In reaction to these protests, Republican legislators have proposed laws targeting protesters and threatening rights to assembly and free speech. As we debate speech on Facebook and Twitter, it’s imperative to protect access to our physical public spaces. They are as important to our democracy as online spaces.
As an archaeologist, I study how people throughout history constructed and used public spaces. From Göbleki Tepe, Turkey, to Ceibal, Guatemala (where I conduct research), we find evidence that egalitarian groups came together to create monumental, ceremonial spaces. At those plazas and platforms, people from different backgrounds gathered and exchanged ideas, just as the ancient Greeks did in their agoras. Communities were formed.
Modern societies seem to have largely replaced in-person gatherings with mass media, following the invention of the printing press, television and now the internet. We belong to communities so vast that we could not possibly physically interact with every member.

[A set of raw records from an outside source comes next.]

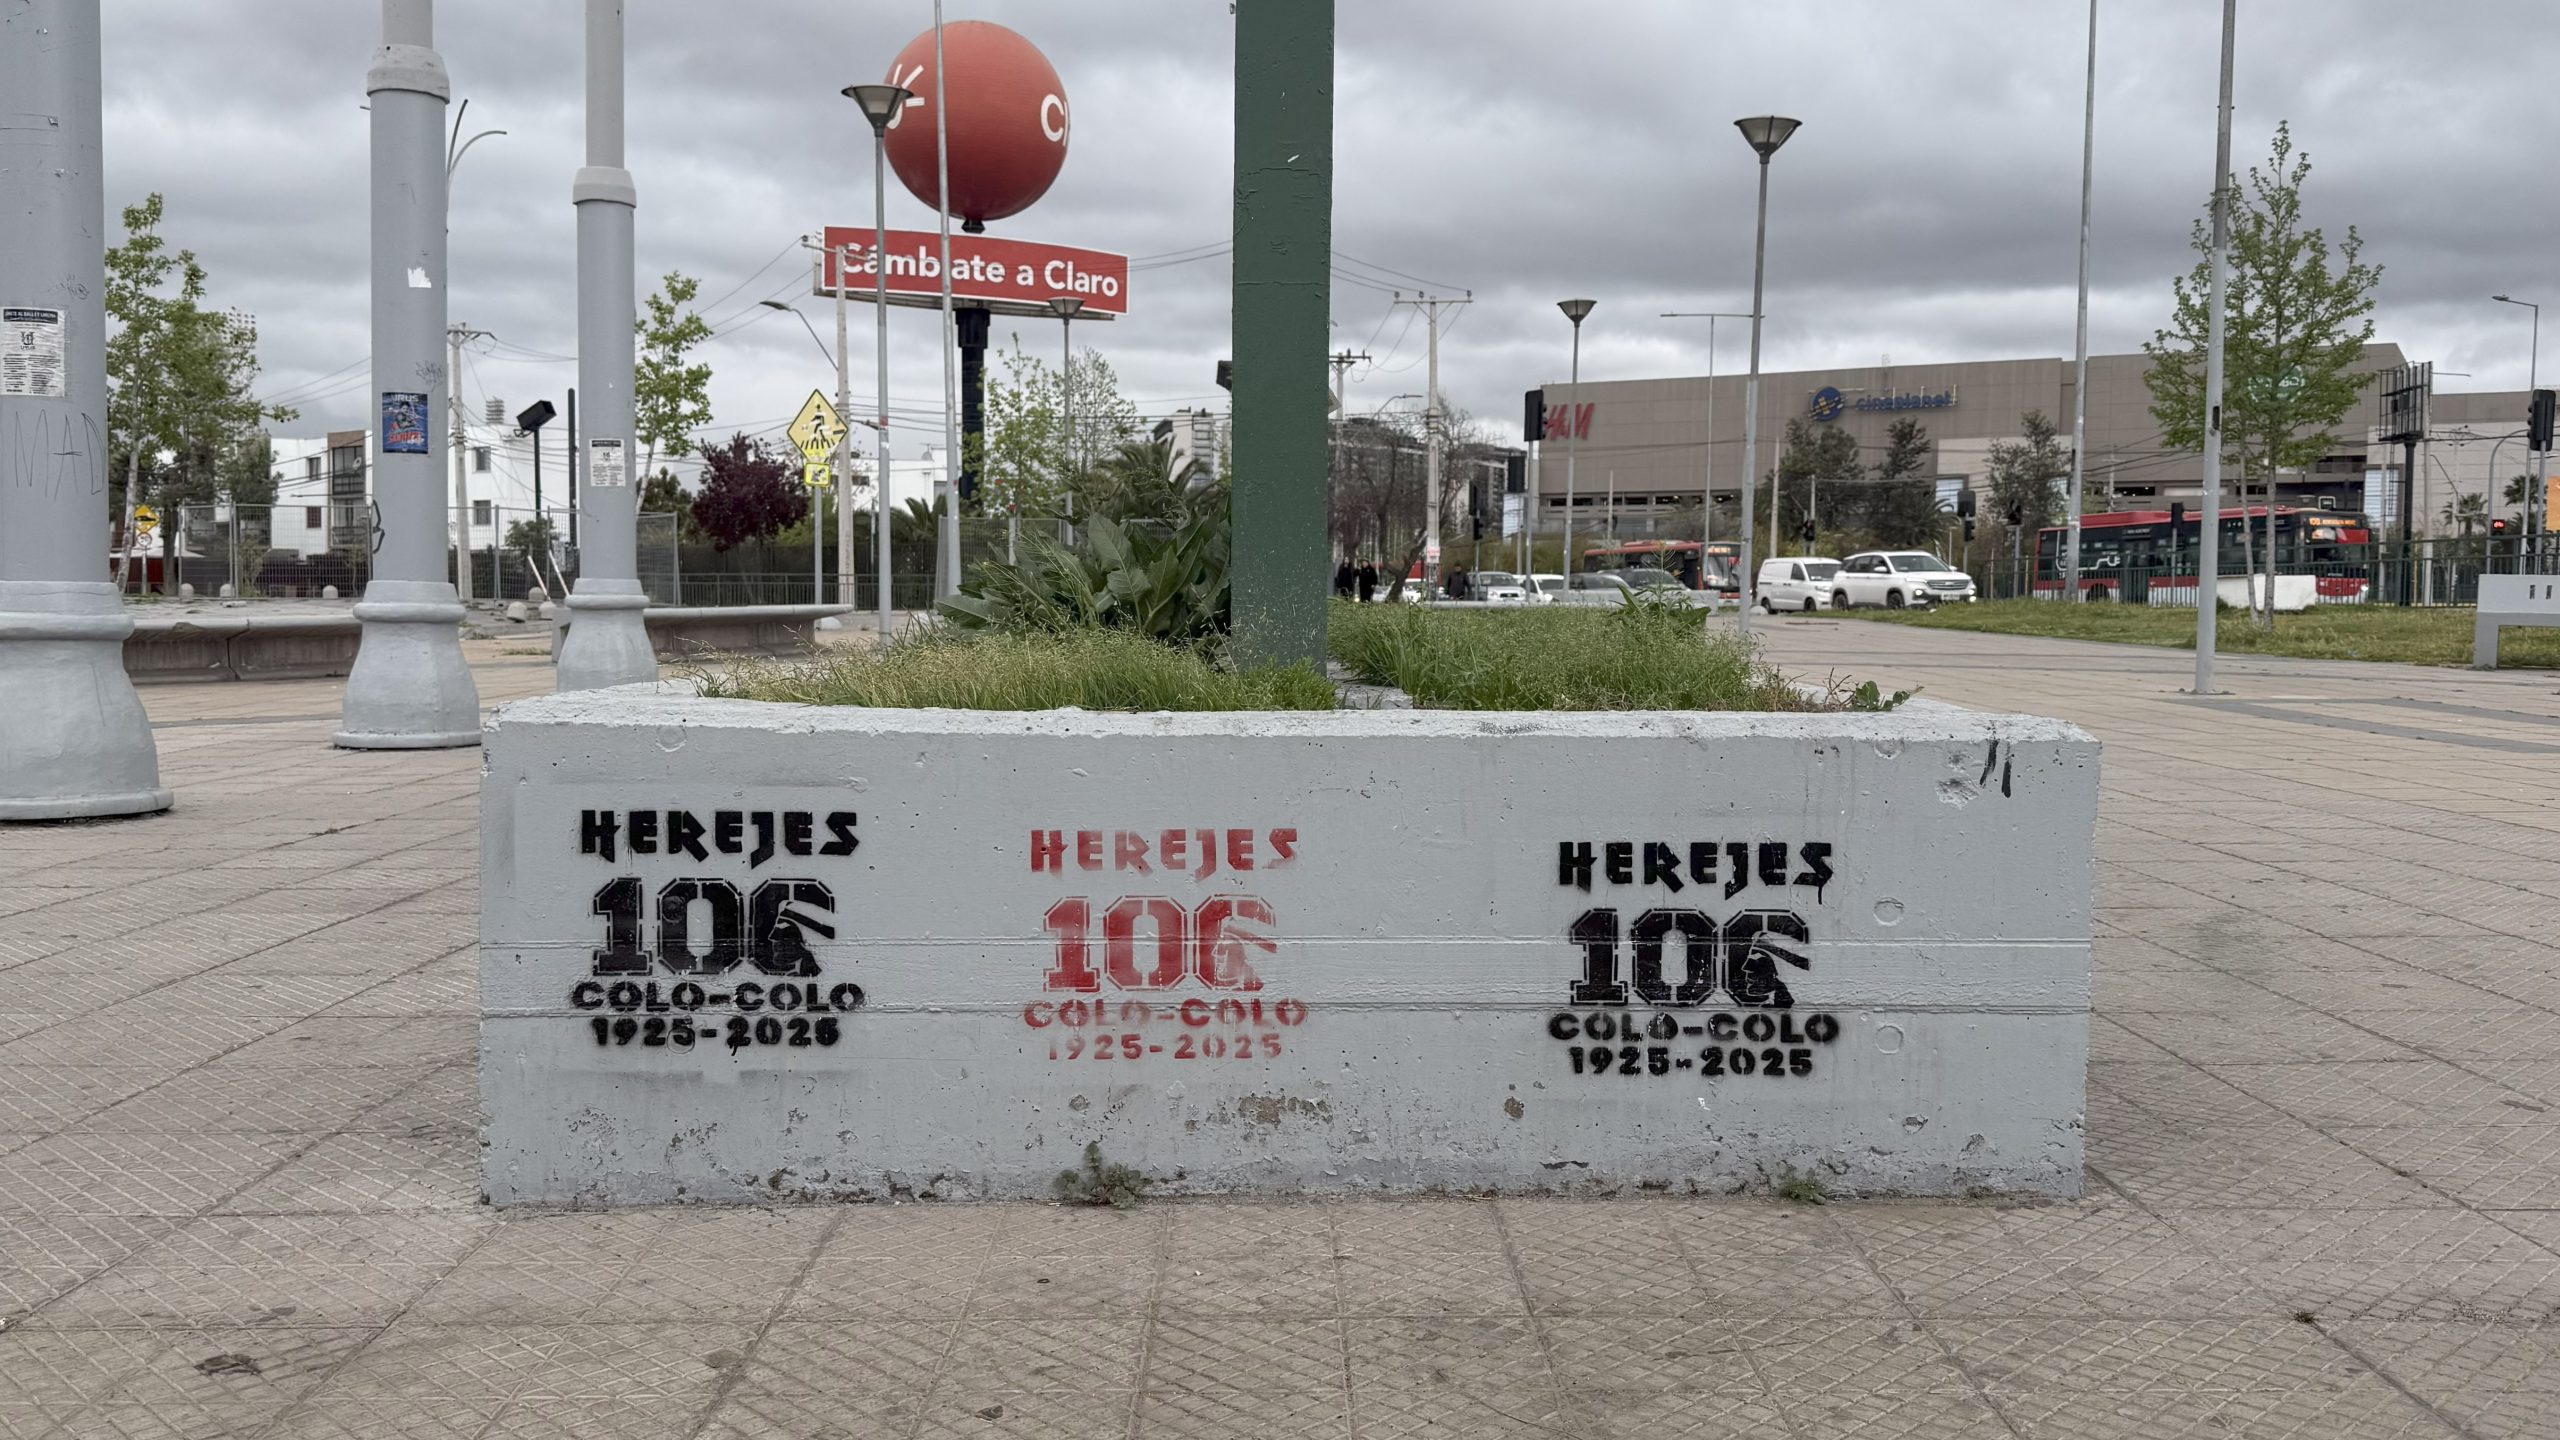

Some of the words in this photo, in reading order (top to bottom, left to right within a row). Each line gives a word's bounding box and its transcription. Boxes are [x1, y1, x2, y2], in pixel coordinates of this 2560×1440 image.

[843, 242, 1006, 283] Cámbate
[1016, 265, 1034, 286] a
[1044, 260, 1119, 297] Claro
[581, 810, 860, 870] HEREJES
[1031, 828, 1298, 882] HEREJES
[1559, 842, 1834, 901] HEREJES
[571, 980, 867, 1012] COLO-COLO
[1023, 998, 1308, 1029] COLO-COLO
[1549, 1012, 1840, 1044] COLO-COLO
[1048, 1033, 1282, 1061] 1925-2025
[1569, 1046, 1814, 1077] 1925-2025

Why, then, do we return to physical public spaces at moments of political crisis? Why did Black Lives Matter protesters take to the streets, and why did the Biden administration insist on an in-person inauguration ceremony, despite a pandemic?

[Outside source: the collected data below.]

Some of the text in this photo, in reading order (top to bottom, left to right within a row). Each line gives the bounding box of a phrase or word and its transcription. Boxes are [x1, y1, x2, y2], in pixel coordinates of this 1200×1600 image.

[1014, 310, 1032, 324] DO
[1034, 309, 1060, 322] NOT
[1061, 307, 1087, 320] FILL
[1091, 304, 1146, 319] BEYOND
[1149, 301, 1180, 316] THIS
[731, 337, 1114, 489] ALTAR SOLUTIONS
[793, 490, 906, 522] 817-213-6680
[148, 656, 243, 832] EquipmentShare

The answer lies partly in the emotional and sensory effects of physical presence and interaction in spaces built for our common good. Participating in the Women’s March in Washington in 2017 was a more inspiring and empowering experience for me than retweeting or arguing on social media.
Although I do not share their views, I’m sure the Trump supporters who stormed the Capitol four years later felt some of the same emotions. Meanwhile, the rest of us were shocked by the effects of that attempted coup, including the desecration of a public space that symbolizes the ideals of our democracy.

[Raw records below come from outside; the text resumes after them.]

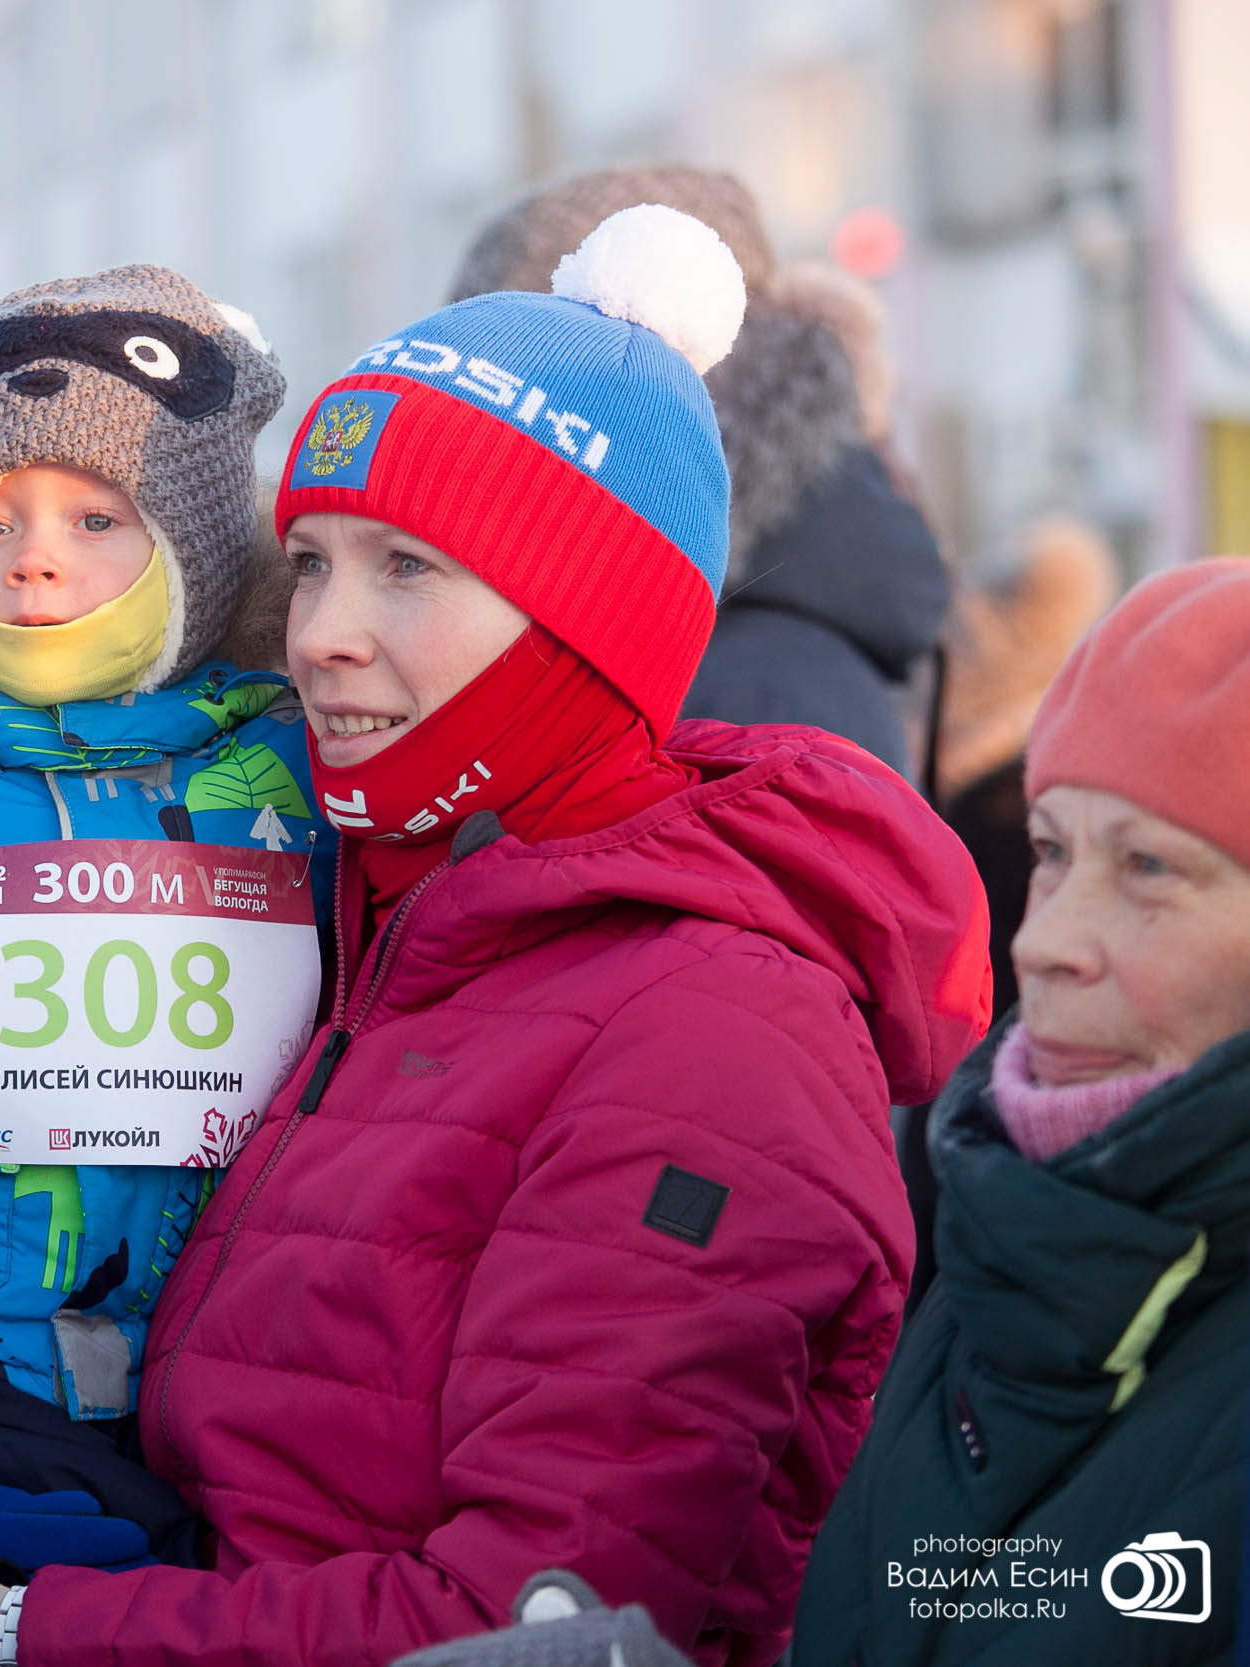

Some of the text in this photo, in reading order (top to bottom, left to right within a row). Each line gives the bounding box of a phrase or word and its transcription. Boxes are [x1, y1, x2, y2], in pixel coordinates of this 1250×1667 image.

[32, 861, 135, 904] 300
[214, 878, 267, 896] БЕГУЩАЯ
[214, 895, 269, 913] ВОЛОГДА
[97, 1068, 243, 1093] СИНЮШКИН
[72, 1126, 161, 1148] ЛУКОЙЛ

Online forums and networks have facilitated important social movements — from the Arab Spring to protests against police brutality that often begin with a shocking viral video. Our technology allowed us to connect throughout social distancing and quarantines. But it is unlikely that we will ever move past the need for physical gatherings.
Comparing the architecture of archaeological sites to that of modern cities, I’m convinced that the need for public spaces endures. Although we consider ourselves rational debaters, we are drawn to communal events that heighten emotions, like the builders of early Mesoamerican ceremonial centers were. Not content to argue about history, we create and destroy monuments that shape our collective memories, like the ancient Maya did. Public constructions affect our movements and senses, while conveying symbolic information. But this is not a one-way relationship. Through our actions, we change public spaces and our society.
The Black Lives Matter protests of 2020 shifted public opinion about systemic racism and policing in the United States. We are now having nationwide conversations about police reforms that would have been impossible a few years ago. Although the overwhelming majority of protests were peaceful, Republican state legislators are using the demonstrations as an excuse to limit future protests. Some proposed laws would make it easier for police to arrest protesters, impose harsh punishments for the destruction of Confederate monuments, and give immunity to drivers who hit protesters with cars. We must reject this assault on the rights of people to assemble and be heard.
As the pandemic wanes and our spaces reopen, we should appreciate the power of public gatherings. Coming together to express different views has been vital to societies for millennia, and it is necessary to improve our democracy going forward. While we grapple with controversies involving online speech, we cannot forget to protect access to our built environment.
Jessica MacLellan is an archaeologist studying the role of ritual in ancient Mesoamerican societies. She holds a Ph.D. in Anthropology from the University of Arizona and is currently an ACLS Emerging Voices Fellow at UCLA.